Jalan Pintas ke Pertumbuhan 7 Persen
Helmi Arman ;
Chief Economist, Citibank
Indonesia
|
KOMPAS, 29 Juni 2016
Kebijakan ekonomi
idealnya fokus pada menjaga kesinambungan pembangunan, bukan mengejar
target-target pertumbuhan ekonomi jangka pendek. Pemerintahan Joko
Widodo-Jusuf Kalla memulai masa baktinya dengan target pertumbuhan ekonomi 7
persen pada 2017, sebagaimana tertuang dalam Rencana Pembangunan Jangka
Menengah Nasional. Pembangunan infrastruktur besar-besaran dijadikan tulang
punggung yang menopang target tersebut.
Satu setengah tahun
setelah Kabinet Kerja dibentuk, mulai terlihat peningkatan momentum
pembangunan infrastruktur. Namun, Badan Pusat Statistik mencatat perekonomian
hanya tumbuh 4,9 persen pada kuartal pertama 2016, seiring dengan masih
lemahnya daya beli dan pertumbuhan investasi swasta. Ini bahkan lebih rendah
daripada asumsi 5,3 persen yang tercantum dalam Anggaran Pendapatan dan
Belanja Negara (APBN) 2016.
Pertumbuhan yang wajar
Melesetnya kinerja
ekonomi ini menimbulkan rasa kecewa di berbagai level pemerintahan. Para
penentu kebijakan lantas dituntut berpikir lebih keras lagi dan memberikan
ide-ide "gebrakan" untuk mendongkrak perekonomian.
Reaksi seperti ini
cukup beralasan. Setiap tahun, jumlah orang Indonesia yang masuk angkatan
kerja bisa mencapai 2-3 juta orang.
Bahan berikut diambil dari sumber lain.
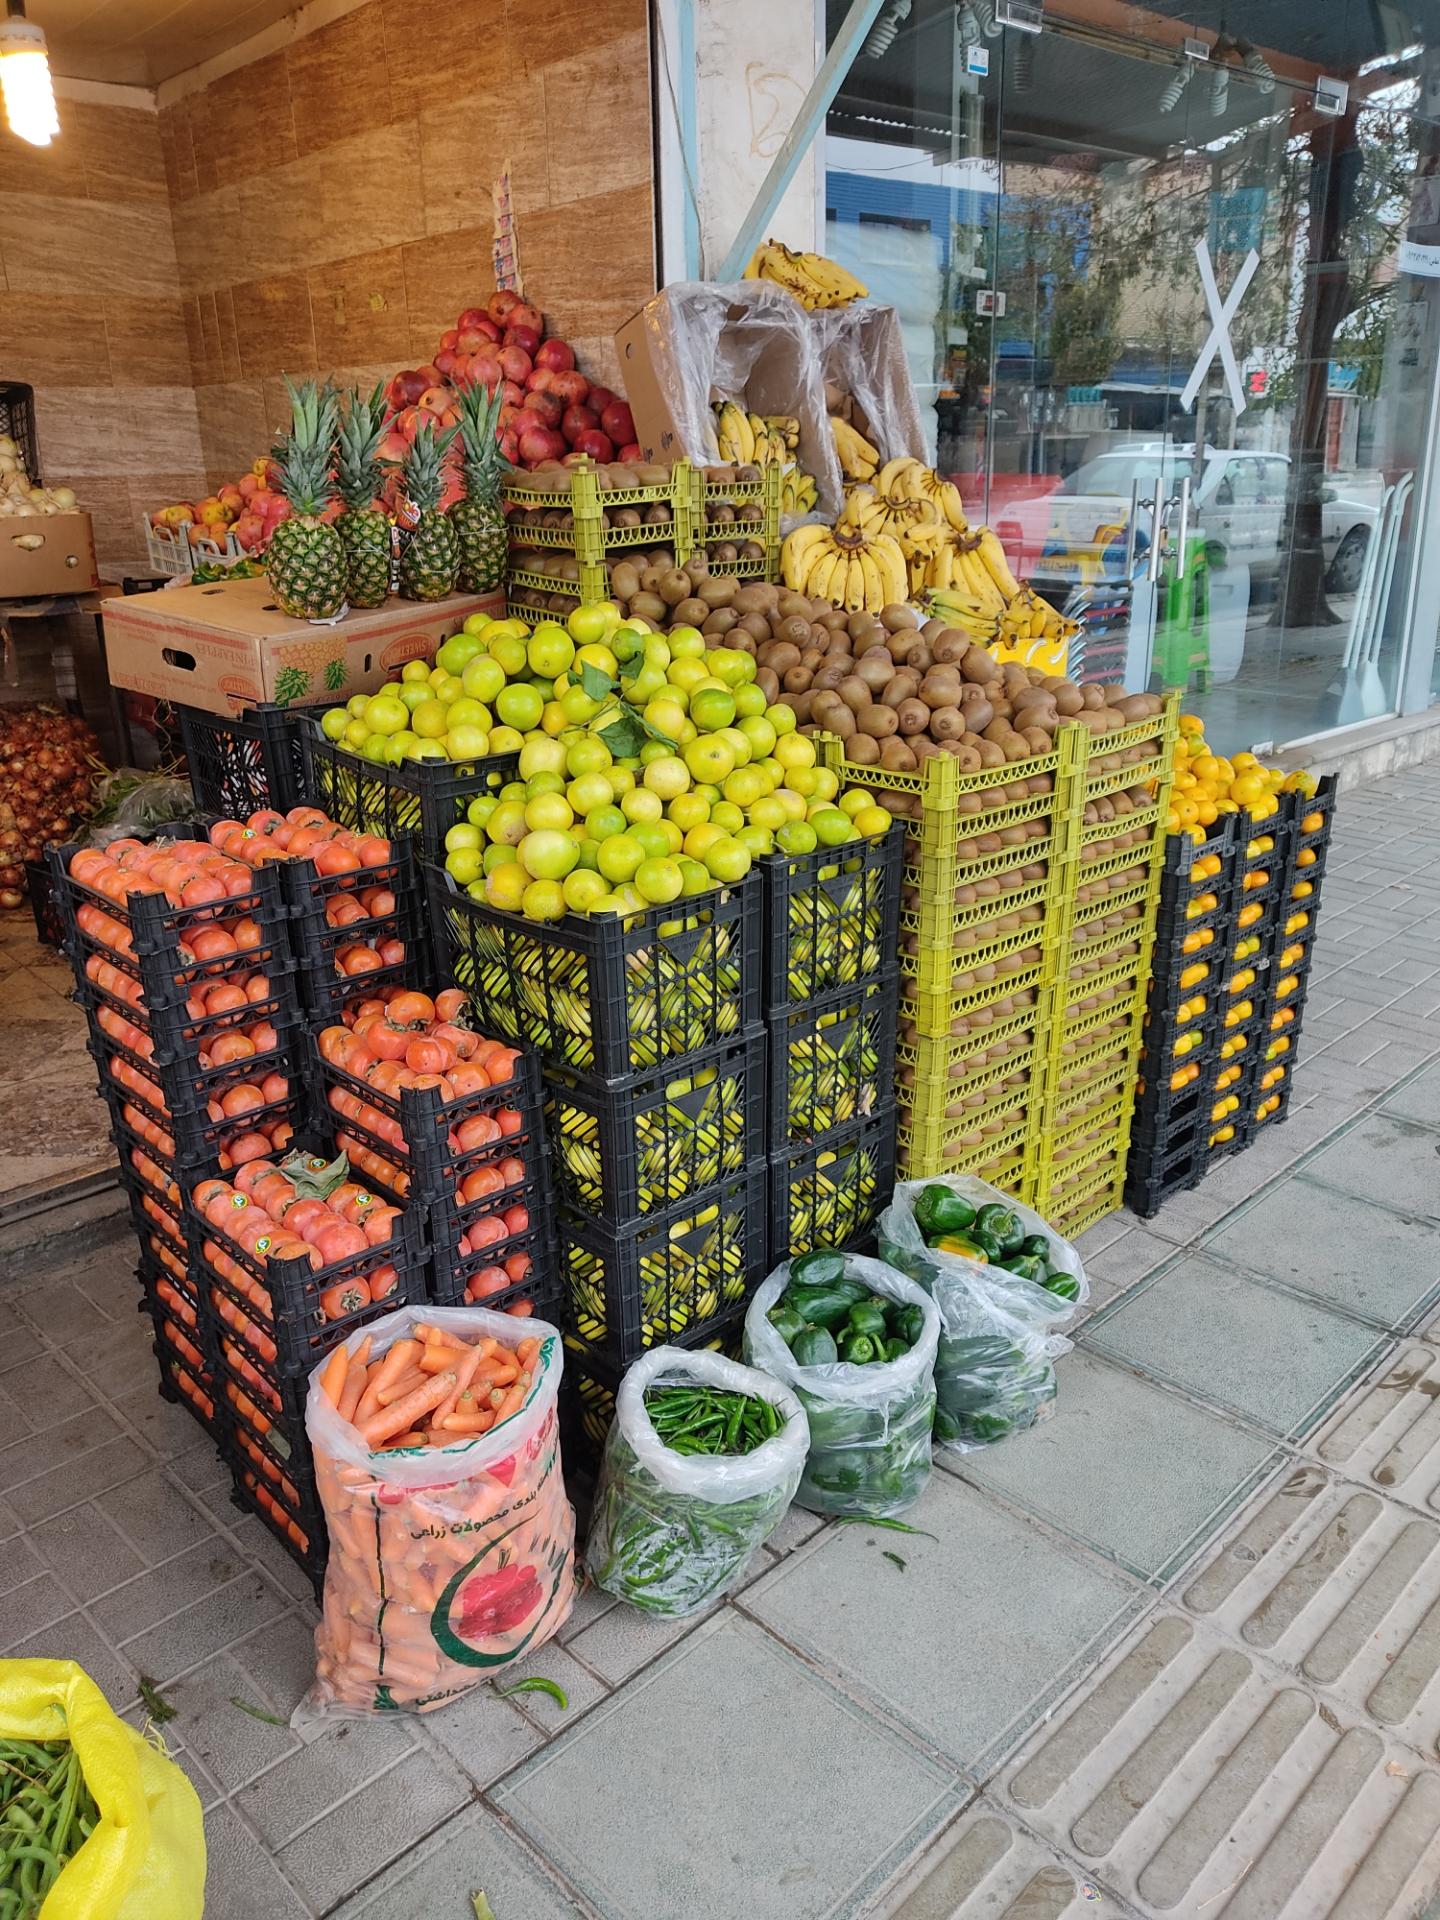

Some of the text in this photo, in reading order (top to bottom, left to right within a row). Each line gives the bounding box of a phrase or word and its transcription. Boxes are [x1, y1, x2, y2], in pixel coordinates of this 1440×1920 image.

[195, 642, 256, 666] PINEAPPLES
[410, 1524, 447, 1540] زراعی
[450, 1508, 510, 1537] محصولات
Lemahnya pertumbuhan ekonomi memengaruhi
penciptaan lapangan kerja di sektor formal (usaha-usaha berizin yang memiliki
pekerja tetap). Dan, akhirnya berpotensi menyundul tingkat pengangguran.
Meski demikian, ada
baiknya juga kita memahami kondisi perekonomian dunia yang sedang lemah,
serta risikonya bila kebijakan dalam negeri dipaksakan mengejar target-target
jangka pendek. Ada beberapa hal yang perlu diingat untuk menjangkau
ekspektasi kita terhadap kinerja ekonomi Indonesia.
Pertama, Indonesia
masih menghadapi penyusutan ekspor komoditas mentah. Dari Januari-April 2016,
ekspor komoditas, seperti batubara, minyak sawit, dan karet menyusut sebesar
15-30 persen dibandingkan tahun sebelumnya. Untuk keseluruhan tahun ini,
jumlah devisa yang hilang dari komoditas tersebut bisa mencapai 7 miliar
dollar AS, atau setara dengan Rp 95 triliun. Ini merupakan kehilangan
pendapatan yang menjalar bagaikan virus kepada sektor-sektor penopangnya,
seperti industri penyedia alat berat, jasa angkutan, dan perbankan.
Kedua, walaupun
alokasi APBN untuk subsidi energi sudah dialihkan ke infrastruktur sejak
2014, belanja pemerintah belum menunjukkan kenaikan yang berarti. Ini akibat
merosotnya penerimaan sumber daya alam serta pajak perdagangan. Bahkan, tahun
lalu, belanja pemerintah (di luar beban bunga utang) tidak mengalami kenaikan
sama sekali dibandingkan 2014. Baru tahun ini mulai ada peningkatan, yakni
per Mei sekitar Rp 67 triliun dibandingkan tahun sebelumnya. Itu pun dibiayai
dari tambahan utang, sehingga perlu hati-hati agar tidak menembus batasan
defisit APBN.
Ketiga, banyak sektor
yang masih kelebihan kapasitas produksi. Jangan lupa bahwa Indonesia menerima
puncak arus penanaman modal asing pada 2011-2013. Pada periode tersebut
dibangun pabrik-pabrik baru yang menaikkan kapasitas berbagai industri, mulai
dari makanan dan minuman, besi, hingga otomotif, dan mesin-mesin.
Kemudian, memasuki
2014, ekspor turun, rupiah melemah, dan pertumbuhan penjualan di berbagai sektor
mulai merosot. Omzet perusahaan-perusahaan Tbk (terbuka) melemah dari
sebelumnya tumbuh rata-rata 10-15 persen per tahun, sekarang menjadi 0-5
persen. Akibatnya, apabila dulu kapasitas 30 persen bisa terpakai penuh dalam
2-3 tahun, sekarang bisa butuh dua kali lebih lama.
Ada baiknya kita
bertanya kembali, pertumbuhan ekonomi macam apa yang ideal bagi Indonesia?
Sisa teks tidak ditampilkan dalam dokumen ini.